Additionally, memory usage grows immensely with more foldl count
What is expected
std.foldl should not cause stack overflow even with infinite arrays
Verison
jrsonnet --version
jrsonnet 0.5.0-pre96
Context
We use "large" foldl to apply list of "mutations" onto list of kubernetes manifests.
The example below is simplified version of our use case. We run into stack overflow issues with ~50 mutations, but our code is more complex. So to reproduce here, the number is higher than our practical use case, but not that big still.

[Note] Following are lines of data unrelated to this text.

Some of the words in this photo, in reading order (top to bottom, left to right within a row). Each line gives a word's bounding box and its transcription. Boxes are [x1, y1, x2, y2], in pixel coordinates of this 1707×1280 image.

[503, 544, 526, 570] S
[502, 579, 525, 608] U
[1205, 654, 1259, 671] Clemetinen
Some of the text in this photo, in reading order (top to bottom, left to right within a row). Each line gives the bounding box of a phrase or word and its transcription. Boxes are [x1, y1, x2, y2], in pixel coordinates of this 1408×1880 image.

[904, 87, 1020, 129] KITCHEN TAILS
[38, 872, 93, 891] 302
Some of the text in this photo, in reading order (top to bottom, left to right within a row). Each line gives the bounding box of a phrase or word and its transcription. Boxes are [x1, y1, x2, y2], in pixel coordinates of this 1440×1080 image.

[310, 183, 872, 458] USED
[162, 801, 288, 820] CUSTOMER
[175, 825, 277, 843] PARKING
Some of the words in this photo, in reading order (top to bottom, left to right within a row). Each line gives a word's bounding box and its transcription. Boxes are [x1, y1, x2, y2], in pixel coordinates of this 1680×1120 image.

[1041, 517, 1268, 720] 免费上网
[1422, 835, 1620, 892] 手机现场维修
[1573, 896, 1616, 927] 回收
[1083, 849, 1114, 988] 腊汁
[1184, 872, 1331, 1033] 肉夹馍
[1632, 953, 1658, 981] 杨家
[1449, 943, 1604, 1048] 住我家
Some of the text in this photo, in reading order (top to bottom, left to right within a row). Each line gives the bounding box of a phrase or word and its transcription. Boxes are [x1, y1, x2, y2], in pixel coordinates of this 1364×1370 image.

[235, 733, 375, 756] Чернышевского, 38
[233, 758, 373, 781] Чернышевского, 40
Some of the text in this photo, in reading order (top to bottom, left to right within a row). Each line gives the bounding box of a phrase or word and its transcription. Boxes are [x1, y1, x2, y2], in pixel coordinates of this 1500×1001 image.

Or code works ok with go-jsonnet, but reaches stack overflow in jrsonnet. If we bump os-stack we get it work but memory consumption of our use case gets to >30GB.
How to reproduce
local createManifest = function(number) {
kind: 'Deployment',
metadata: {
name: 'test-deployment-' + number,
},
spec: {
template: {
nodeSelectors: {
'node-type': 'node',
'other-selector': 'foo',
},
},
},
};
local mutation1 = function(manifest) (
if manifest.kind == 'Deployment' then
manifest {
metadata+: {
labels+: {
test: 'foo',
},
},
}
else
manifest
);
local mutation2 = function(manifest) (
local removeSelectors = [
'beta.kubernetes.io/arch',
'kubernetes.io/arch',
'node.kubernetes.io/role',
'node-type',
];
if manifest.kind == 'Deployment' then
manifest {
spec+: {
template+: {
nodeSelectors: {
[field]: manifest.spec.template.nodeSelectors[field]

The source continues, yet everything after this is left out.